“Got to pay your dues if you wanna sing the blues and you know it don’t come easy.” --Ringo Starr
A new dawn has arrived, full of promises, hope and a fair amount of fear.
Barack Obama was sworn in yesterday as the 44th President of the United States of America. In the storied history of democracy, there has never been a transfer of power where the fortunes of so many were pinned to the lapel of one man.
I’ve traditionally avoided the perception of political affiliation -- as a financial columnist, my motivation is to offer an unbiased assessment of the global landscape -- but I will share that I support this administration. Sobering socioeconomic seeds were sown long ago and the specter of unified change is our single best hope as we find our way through this process of price discovery
After years of reckless spending, conspicuous consumption and mismanaged policy, we, the people, must offer a collective “mea culpa” if we hope to regain respectability on a global stage. There aren’t any magic pills, mind you, but humility, diplomacy and cooperative intelligence are intuitive starting points on the road to redemption.

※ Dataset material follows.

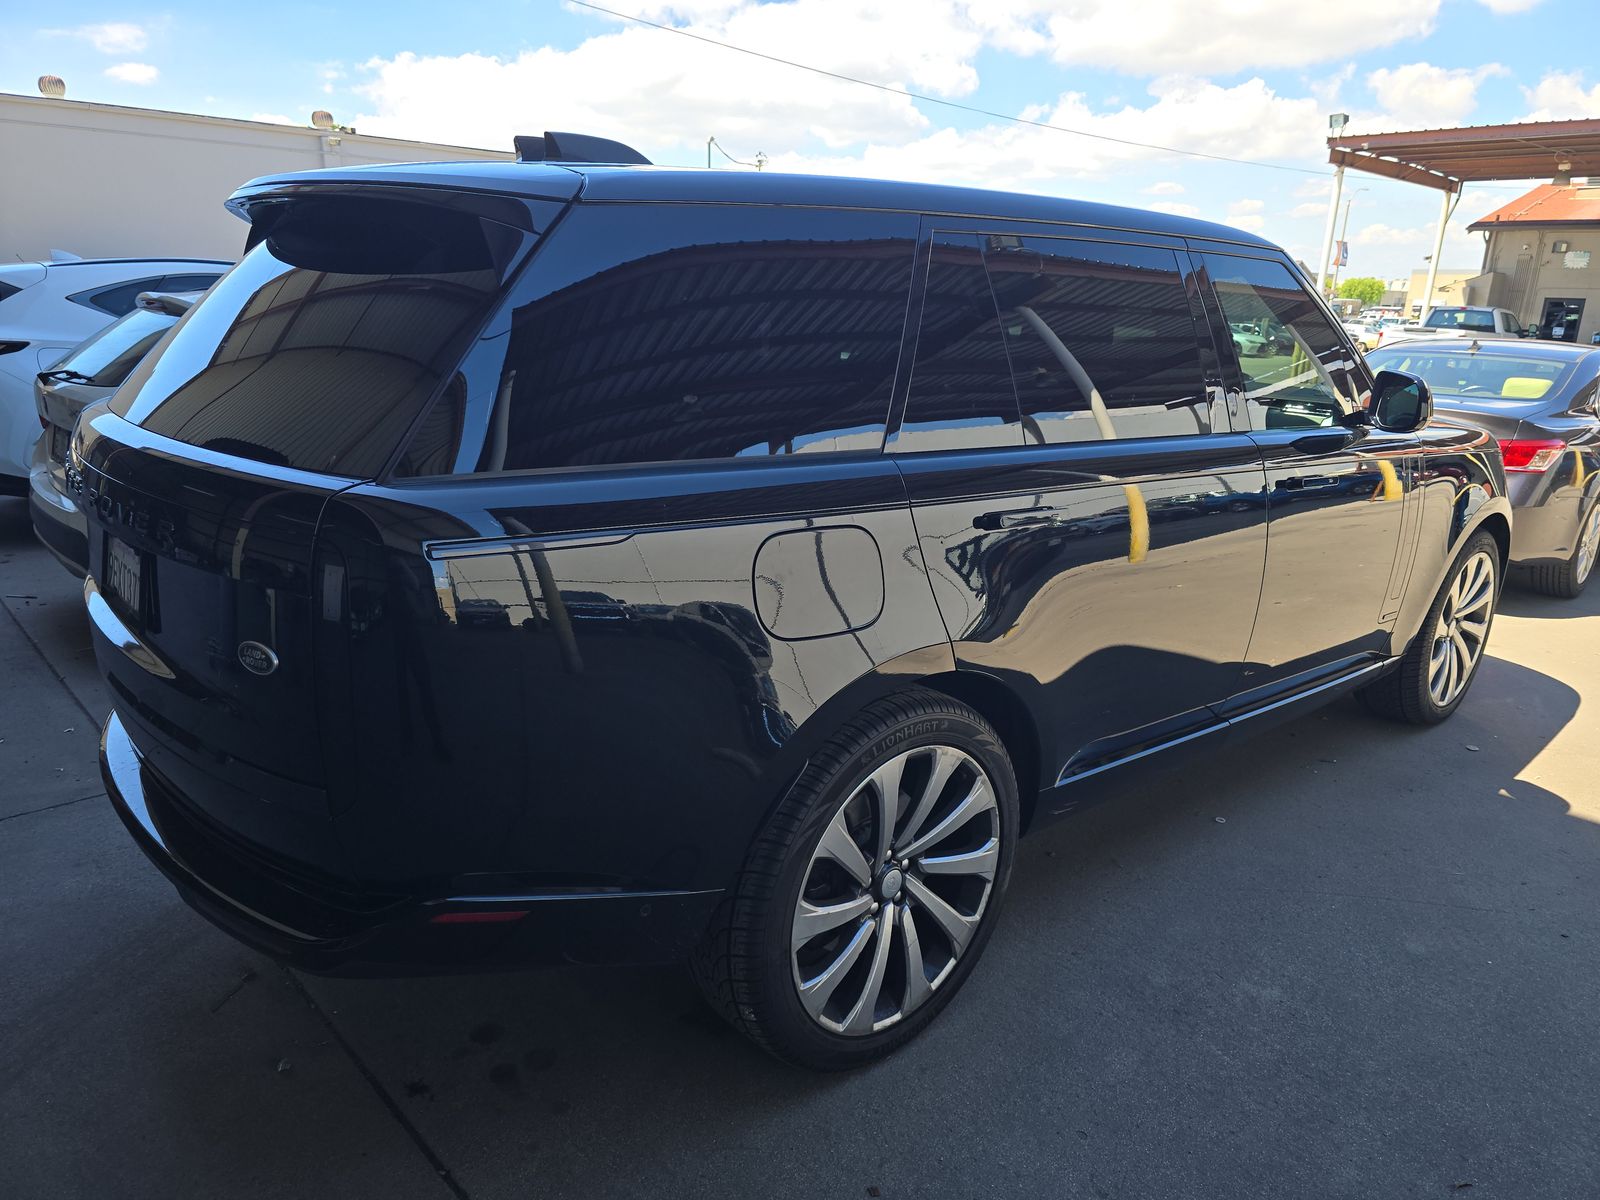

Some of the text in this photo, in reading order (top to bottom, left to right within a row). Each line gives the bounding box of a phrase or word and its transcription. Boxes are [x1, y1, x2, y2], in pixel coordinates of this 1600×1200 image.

[243, 646, 262, 659] LAND
[245, 656, 268, 670] ROVER
[871, 719, 939, 759] LIONHART

It won’t come easy. The incoming President inherits a fragile geopolitical landscape, record budget deficits and massive Treasury debt, more than half of which is held by foreigners whose patience wore thin long ago. Indeed, the single greatest risk to the system—and our world—is entirely more profound than trade imbalances or profit margins
We’re at a societal inflection point, one where each of us must be accountable for what we do and how we do it. While many of us weren’t responsible for the hole we find ourselves in, pointing fingers and placing blame will do little to dig us out of it. As we’re apt to say in Minyanville, if you’re not part of the solution, you’re likely part of the problem. Challenging Popular Perception
The news flow of late has been staggering. An additional $350 billion in TARP funds, the $825 billion stimulus package, another $20 billion for Bank America
(BAC) and Merrill Lynch
(MER) and the systematic dismantling of once-venerable institutions such as Citigroup
Conventional wisdom dictates that the only solution is to induce fresh spending with fertile credit, a last ditch effort to shock the economy out of its coma and pave the way to better days. That is a fundamentally flawed assumption, for sustainable growth will arrive by way of debt destruction rather than credit creation.

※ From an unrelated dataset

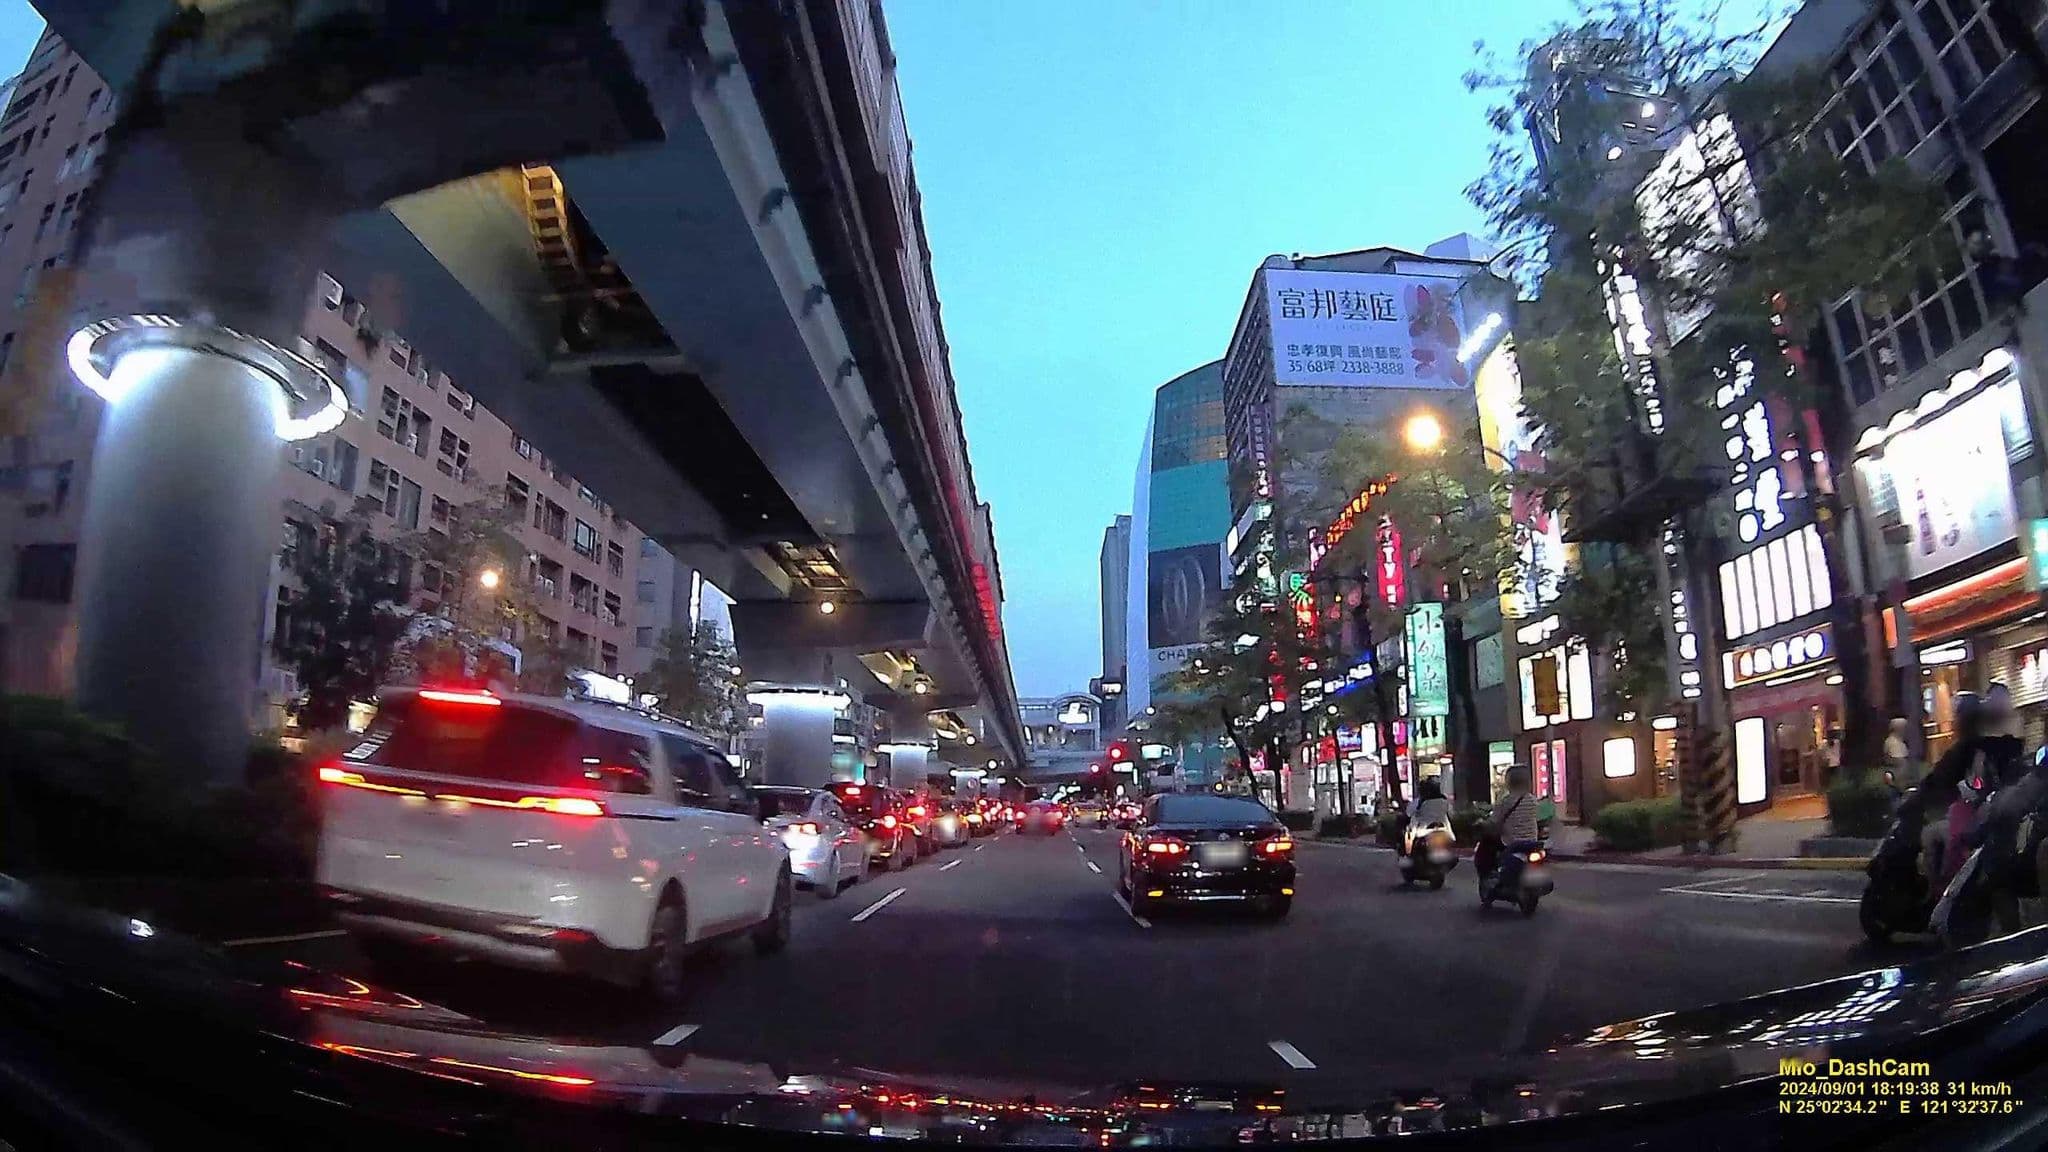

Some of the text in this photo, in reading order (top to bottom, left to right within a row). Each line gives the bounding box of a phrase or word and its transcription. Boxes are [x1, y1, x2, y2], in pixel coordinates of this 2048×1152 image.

[1278, 288, 1398, 321] 富邦藝庭
[1287, 344, 1343, 358] 忠孝復興
[1342, 361, 1405, 375] 2338-3888
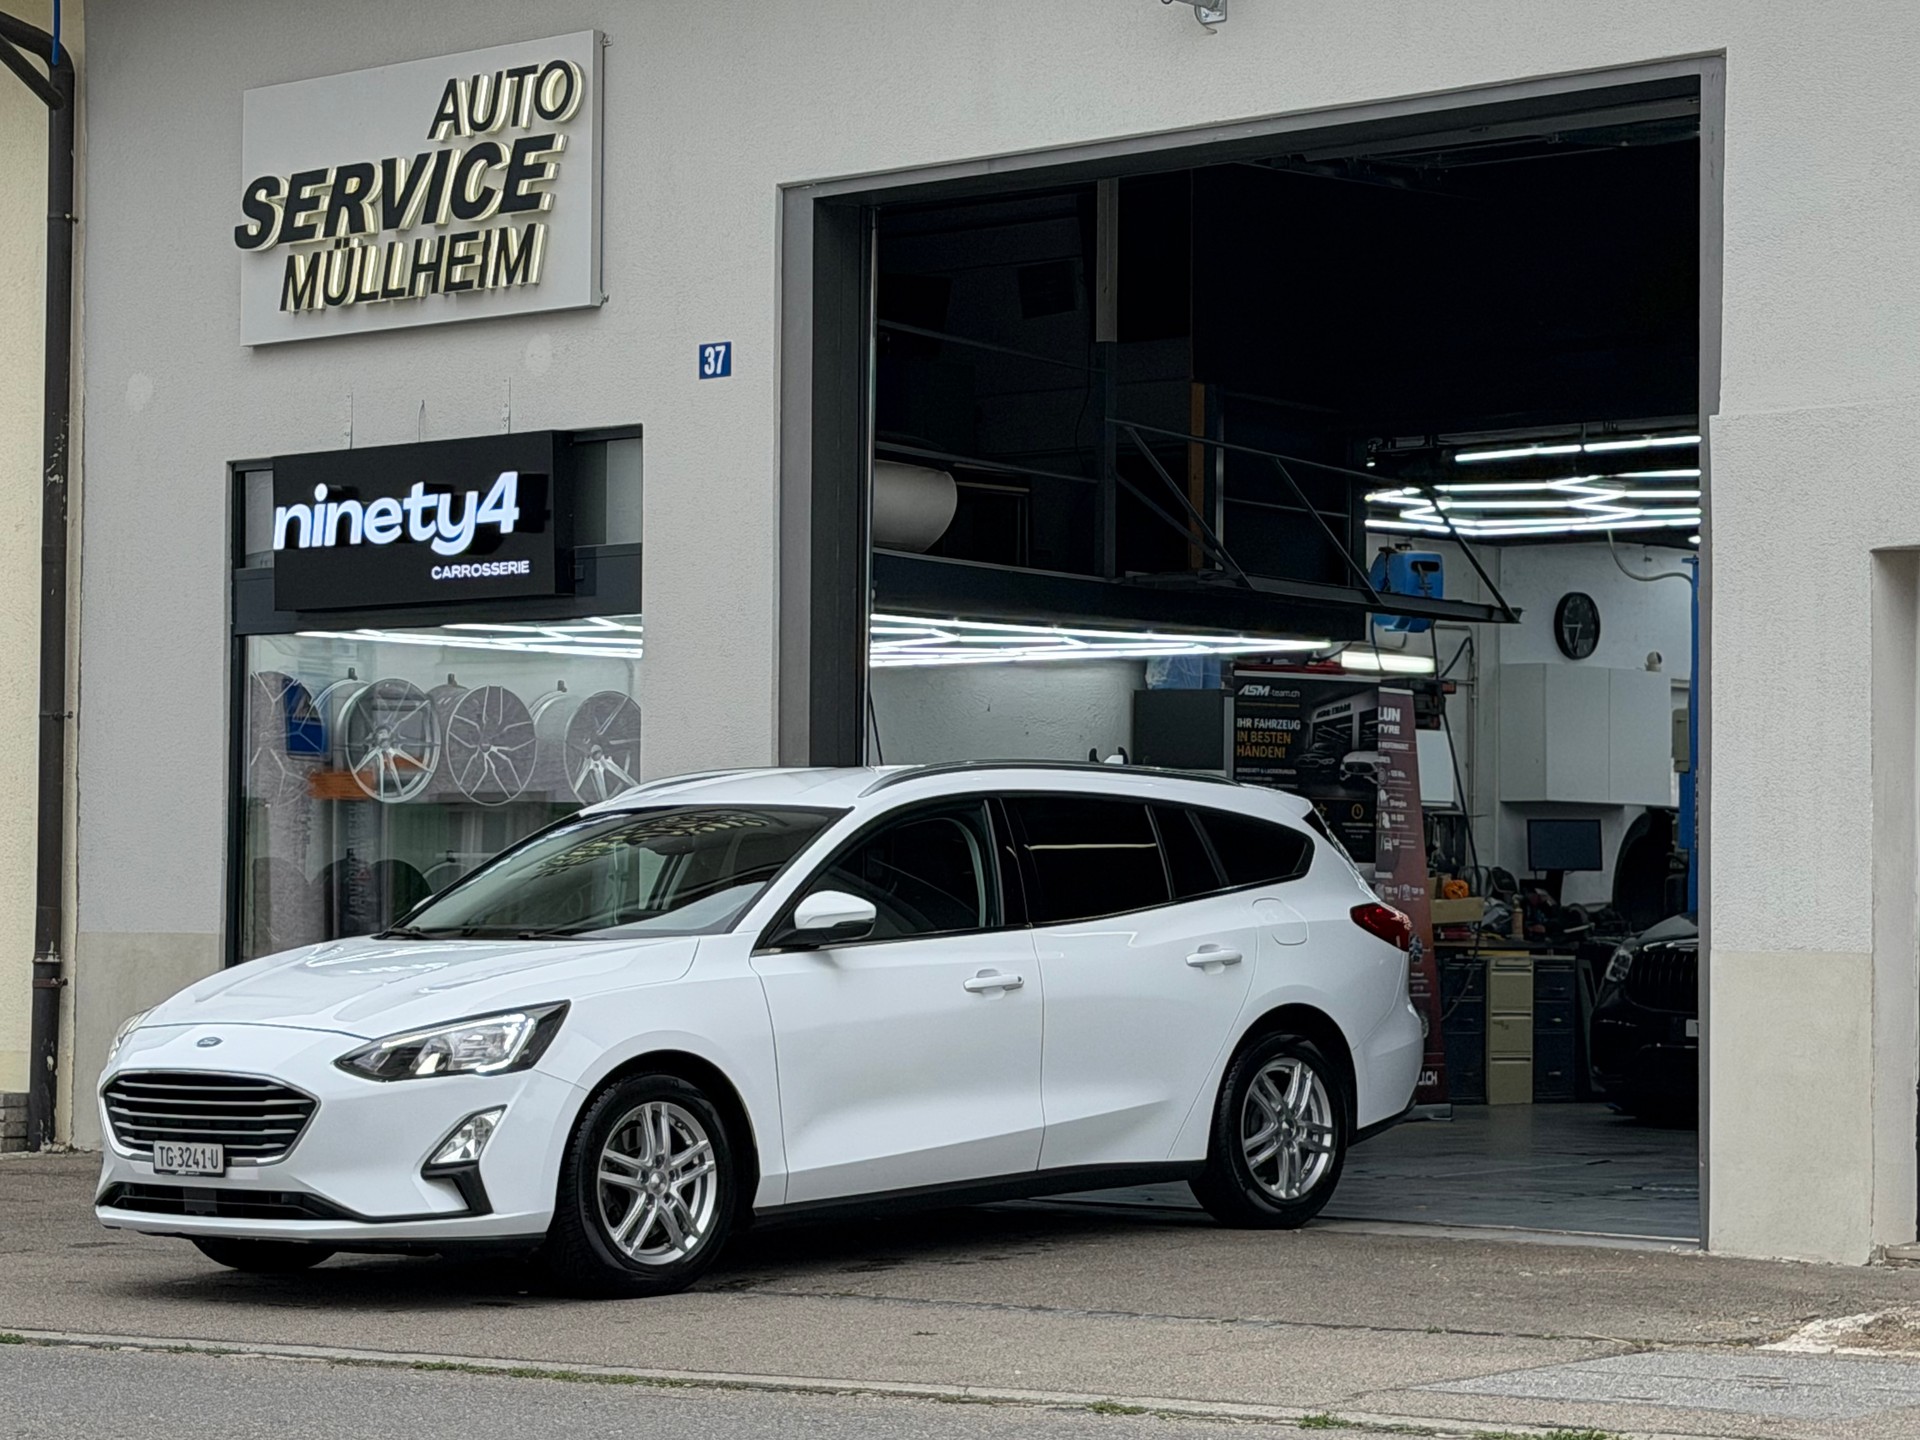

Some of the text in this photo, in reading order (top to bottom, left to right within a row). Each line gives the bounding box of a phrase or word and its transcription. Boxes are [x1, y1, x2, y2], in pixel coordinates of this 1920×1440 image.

Interest rates on bank deposits are near zero and the Federal Reserve guided them there for a reason: they want to remove incentive to save and jumpstart the spending cycle. While saving is an intuitive individual solution, it’s the death knell of an economic ecosystem measured by the sum of its parts and reliant on the velocity of money.
What we’re witnessing isn’t a garden-variety one-and-done recession; it’s the cumulative comeuppance of a massive credit bubble rooted in faulty monetary policy aimed at avoiding small, corrective recessions. Conventional wisdom has been wrong about what's been happening the last 20 years so shame on us if we rely on the same people who never saw the bubble building in the first place to guide us through it.
The answer to a debt bubble isn’t to create more debt. That’s as absurd as saying we should have created more technology stocks in 2000 or more homes in 2006. As it stands, we’ll be adding another $2 trillion to the national debt this year, an obligation that will invariably be passed to future generations.
Our current course has ominous ramifications for the dollar. As the greenback is the world reserve currency, those implications extend throughout the global landscape. A currency holds a nation together and the economy—perhaps society at large—assumes more, not less, risk as a function of the path of our attempted fix. Focusing on Solutions
While efforts at job creation will result in more cash in people’s pockets, that cash will be worth less as the government borrows more. Sustainable and realistic solutions require an overall reduction of government influence as we take our free market medicine of time and price. That is, if the free market capital structure is to survive.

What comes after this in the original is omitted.